In a typical local configuration, nothing is shared between the nodes. Identical copies of the Apache server configuration file and web documents reside in exactly the same locations on each node. The user is responsible for maintaining identical copies of the apache components on the different nodes. This is useful when the information on the web-page is static.

If the user chooses to do this, it is the user's responsibility to ensure the data is propagated to all nodes, and is consistently maintained. A disadvantage of storing the configuration on local disks is that this can increase the chance of the configuration for an Apache instance becoming inconsistent if changes are made, but not distributed to all nodes that can run that Apache instance.

Shared Configuration

In a typical shared configuration, the document root directories are all on the shared file system. (Placing the SERVER_ROOT directory in the shared file system is optional.) Since the web documents (along with the apache configuration file) are on shared storage - accessible to all nodes in the cluster - there is no need to maintain local identical copies of the files on each node. The mount point of the shared file system should be identical across all the Apache package nodes. Hence this is the recommended Apache package configuration.

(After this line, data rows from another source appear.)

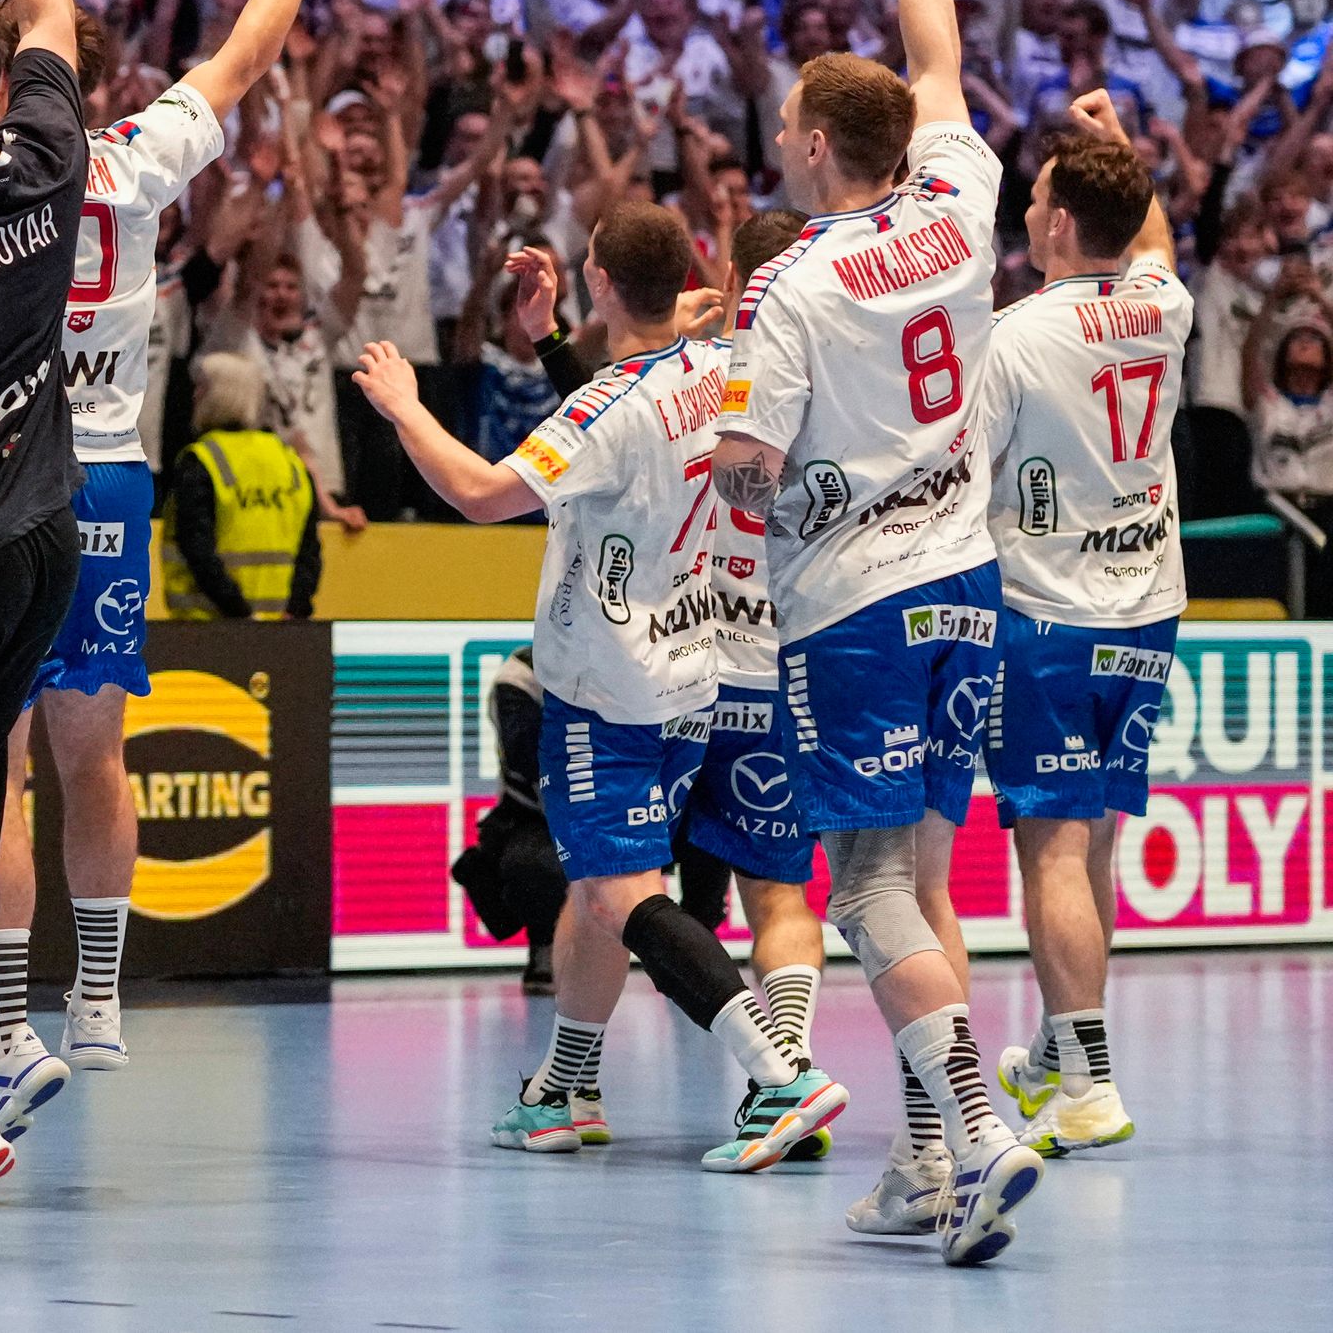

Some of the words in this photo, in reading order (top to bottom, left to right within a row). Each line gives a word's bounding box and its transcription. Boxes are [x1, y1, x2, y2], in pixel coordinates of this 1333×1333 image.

[831, 214, 973, 303] MIKKJALSSON
[71, 314, 92, 326] 24
[901, 304, 963, 425] 8
[1091, 354, 1167, 464] 17
[1030, 467, 1051, 530] Silikal
[1113, 492, 1147, 508] SPORT
[606, 545, 628, 608] Silikal
[732, 560, 752, 574] 24
[1035, 620, 1053, 635] 17
[721, 809, 800, 839] AZDA

Each web site is assigned IP addresses (or domain addresses that maps to particular IP addresses) through the configuration file. These relocatable IP addresses are created for each Apache package and added to its Package Control Script in case of legacy packages or the Package ASCII file in case of modular packages. When the Apache package is switched over from one node to another, this particular instance is stopped and IP addresses are removed on the primary node, then the IP addresses are reallocated and the instance is started on the adoptive node. Clients will then be automatically connected through these IP addresses to the web site on the adoptive node.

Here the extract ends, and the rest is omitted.